▶ **Task to complete**
None of the pictures should appear; the lines from the line containing "this 1280×1707 image." through the last line of the listing must be repeated exactly.

#### Exercise material ####

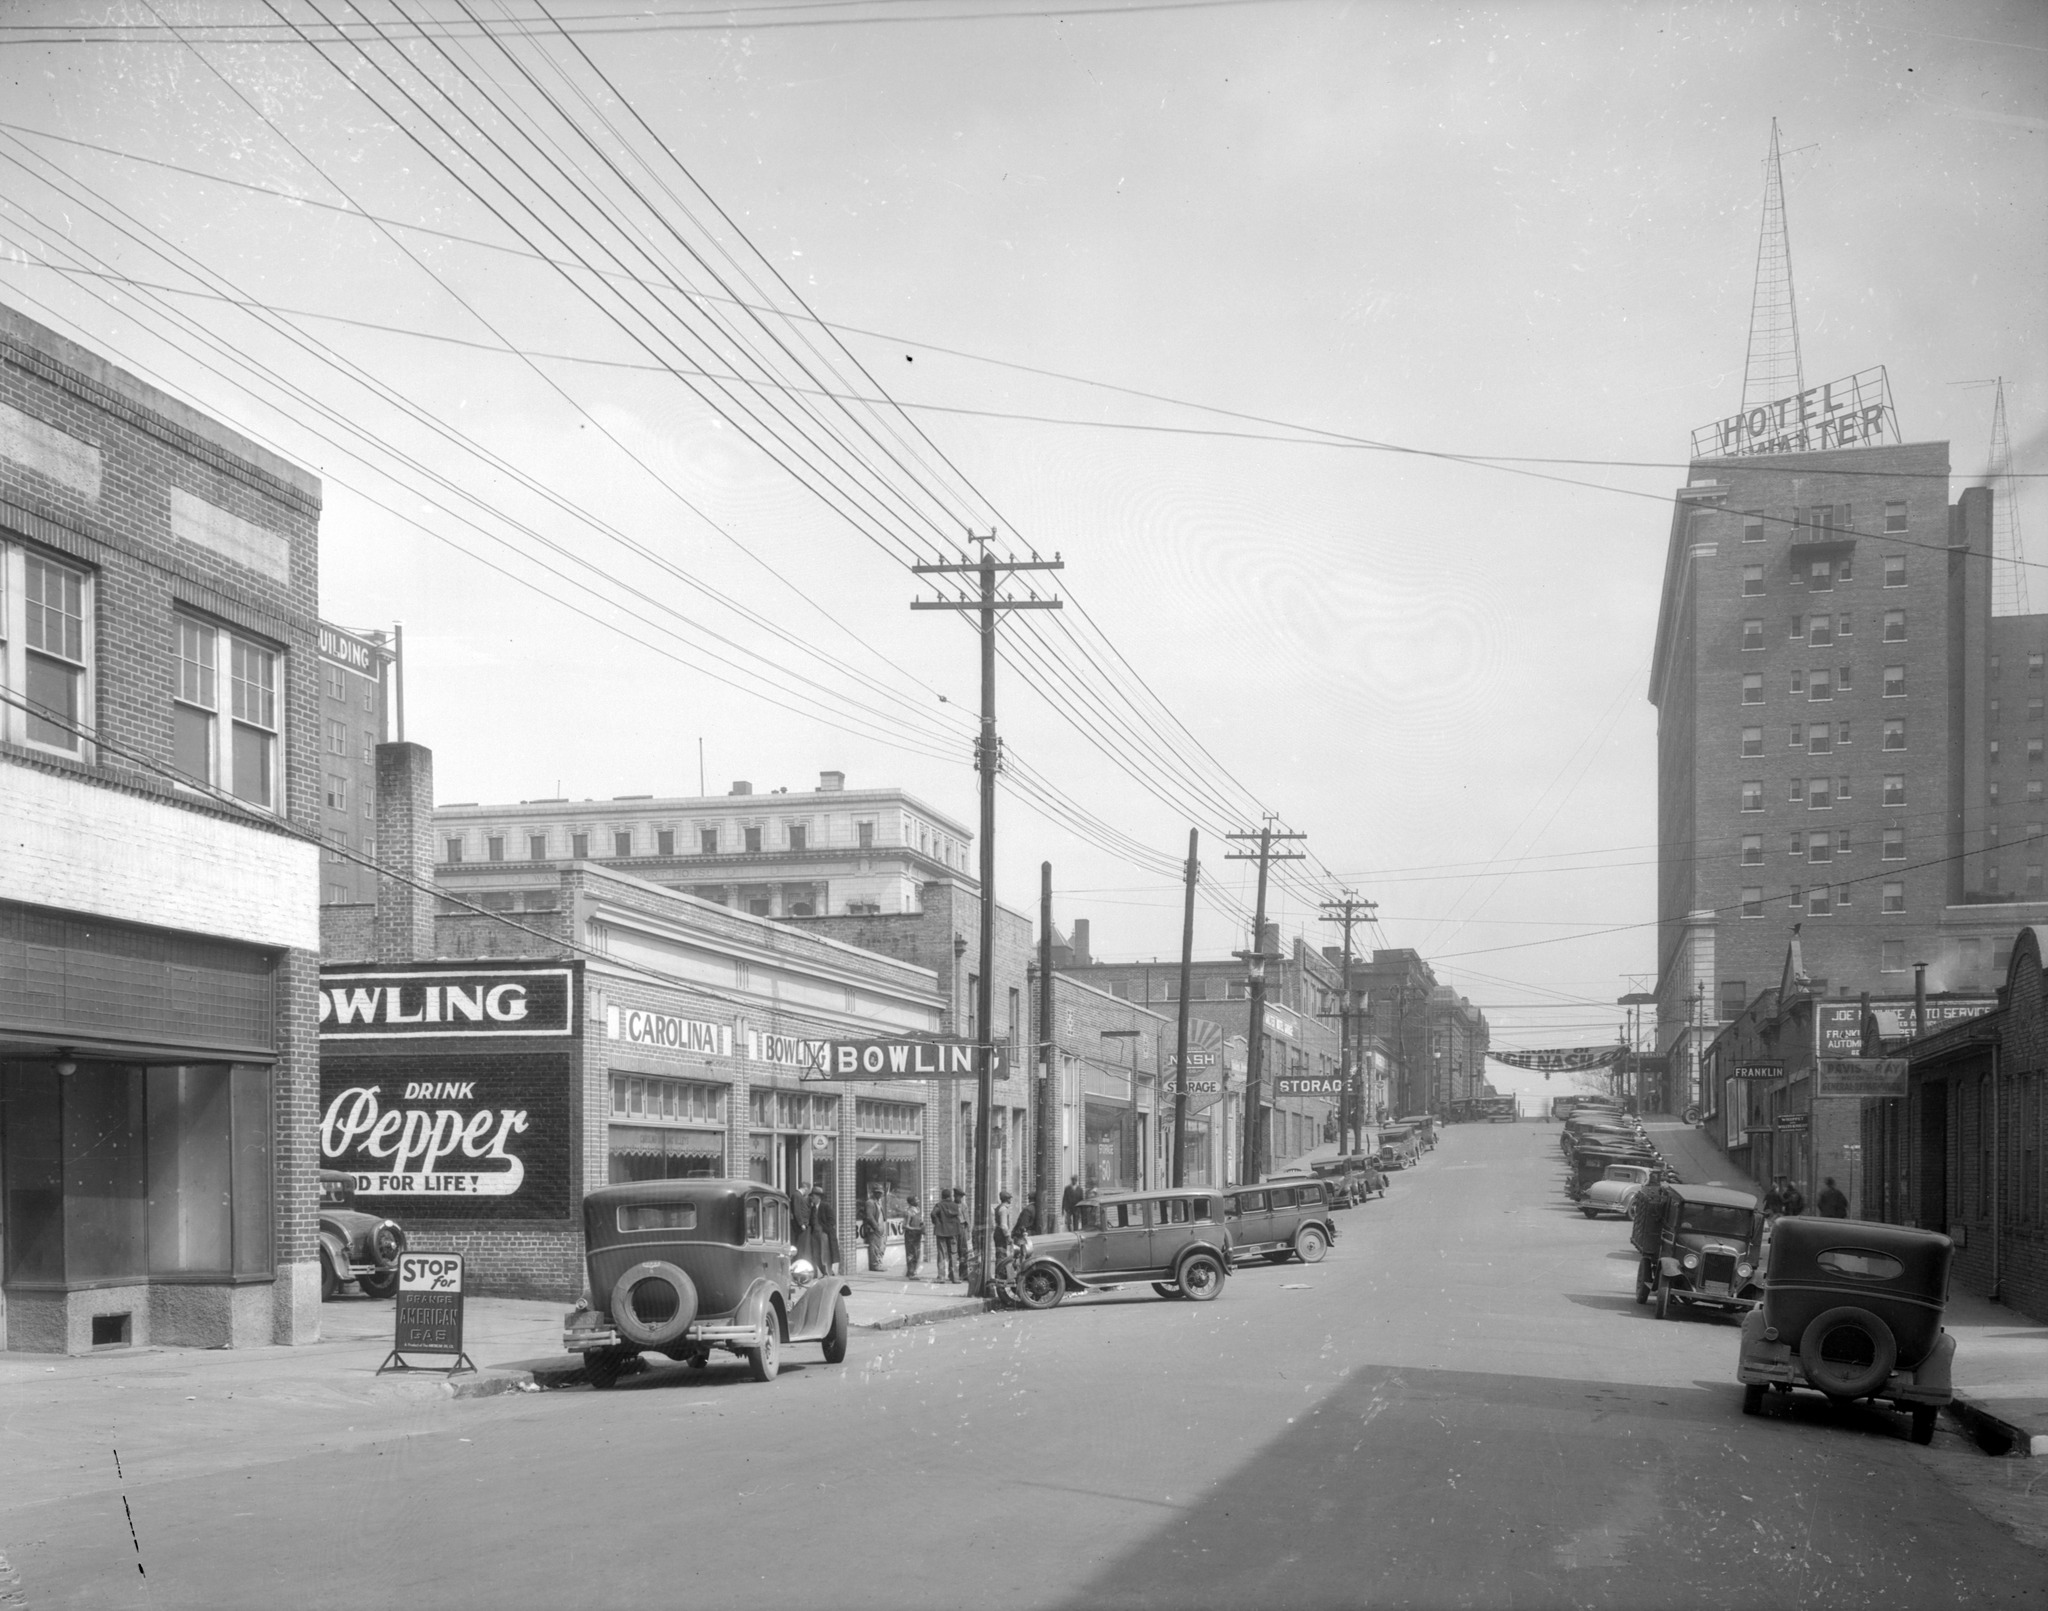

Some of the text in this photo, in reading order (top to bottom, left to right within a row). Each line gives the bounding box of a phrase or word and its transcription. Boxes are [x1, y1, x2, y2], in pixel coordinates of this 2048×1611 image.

[1724, 384, 1843, 446] HOTEL
[319, 628, 369, 669] UILDING
[319, 984, 529, 1024] WLING
[1832, 1010, 1854, 1021] JOE
[1909, 1008, 1940, 1019] ATO
[628, 1011, 714, 1052] CAROLINA
[766, 1035, 826, 1068] BOWLING
[837, 1045, 999, 1073] BOWLIN
[1735, 1067, 1783, 1077] FRANKLIN
[404, 1082, 477, 1100] DRINK
[1167, 1081, 1216, 1093] SRAGE
[320, 1085, 529, 1174] Pepper
[379, 1176, 414, 1191] FOR
[403, 1259, 458, 1282] STOP
[430, 1275, 456, 1290] for
[401, 1307, 458, 1326] AMERICAN
[410, 1329, 447, 1341] GAS
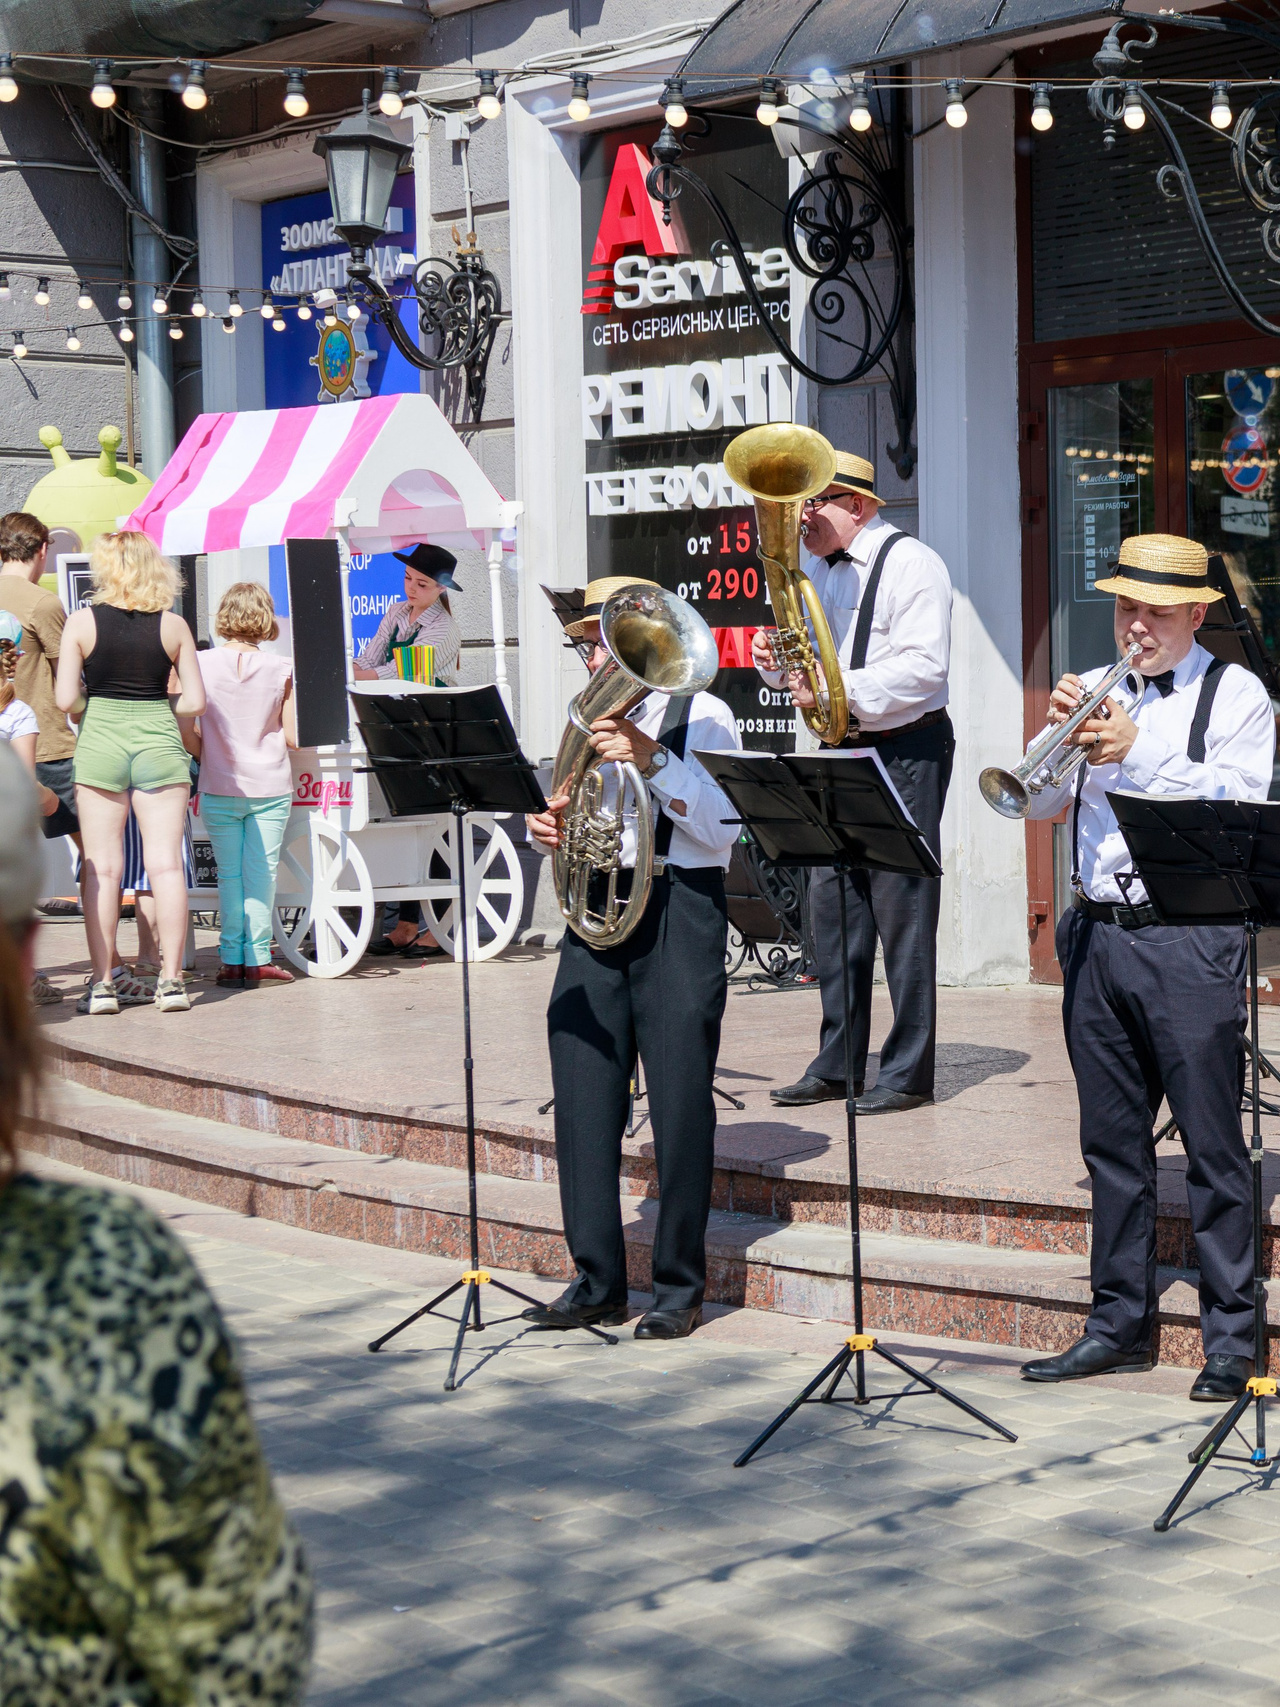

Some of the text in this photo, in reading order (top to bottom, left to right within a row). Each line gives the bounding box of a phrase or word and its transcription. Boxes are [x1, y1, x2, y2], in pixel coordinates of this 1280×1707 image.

[270, 246, 417, 294] «АТЛАНТДА»
[614, 248, 790, 308] Service
[593, 323, 629, 346] СЕТЬ
[632, 308, 724, 342] СЕРВИСНЫХ
[581, 352, 792, 440] РЕМОНТ
[1084, 501, 1130, 512] РЕЖИМ РАБОТЫ
[687, 536, 712, 555] от
[720, 521, 750, 554] 15
[677, 582, 702, 600] от
[707, 568, 758, 600] 290
[758, 687, 793, 707] Опт
[297, 772, 354, 818] Зори
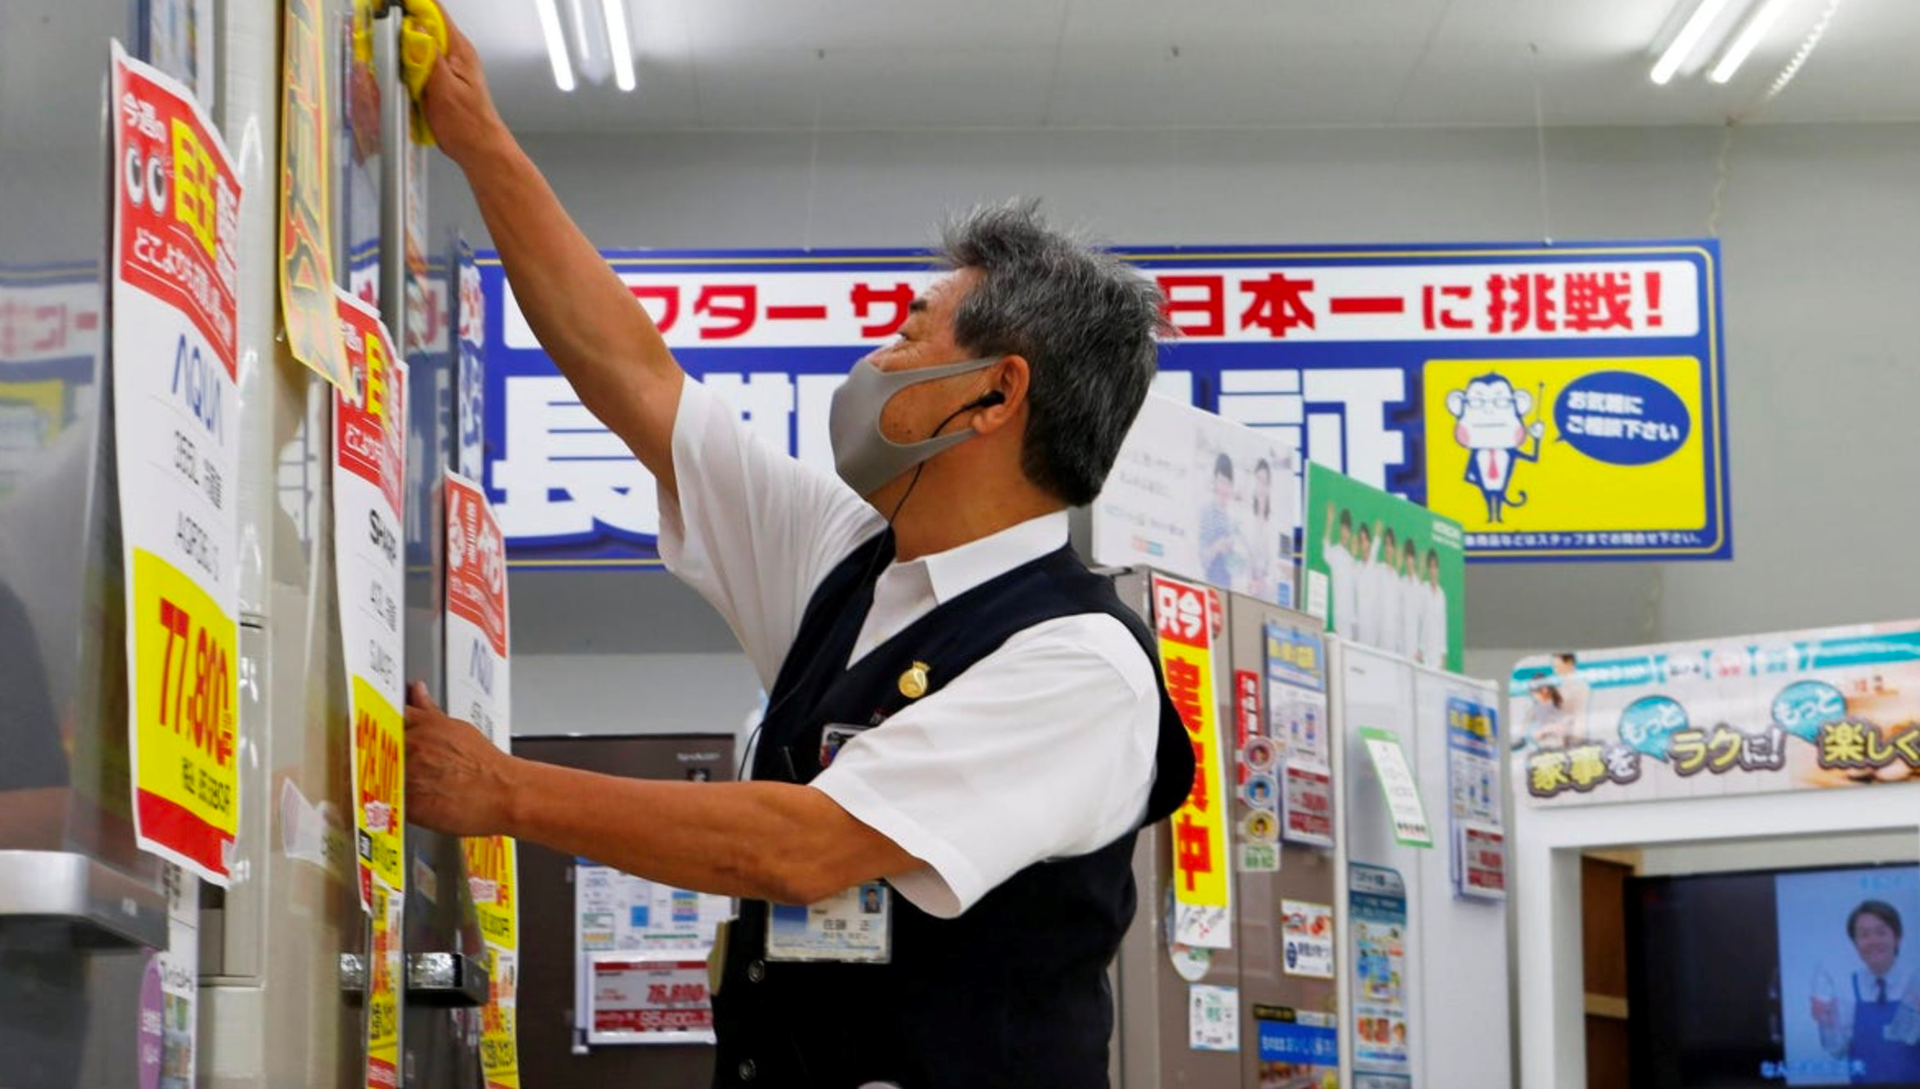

####

▶ **Exercise answer**
Some of the text in this photo, in reading order (top to bottom, left to right within a row). Each line gives the bounding box of a phrase or word and its transcription. Boxes are [x1, y1, x2, y2], in pixel coordinates of this 1280×1707 image.

[270, 246, 417, 294] «АТЛАНТДА»
[614, 248, 790, 308] Service
[593, 323, 629, 346] СЕТЬ
[632, 308, 724, 342] СЕРВИСНЫХ
[581, 352, 792, 440] РЕМОНТ
[1084, 501, 1130, 512] РЕЖИМ РАБОТЫ
[687, 536, 712, 555] от
[720, 521, 750, 554] 15
[677, 582, 702, 600] от
[707, 568, 758, 600] 290
[758, 687, 793, 707] Опт
[297, 772, 354, 818] Зори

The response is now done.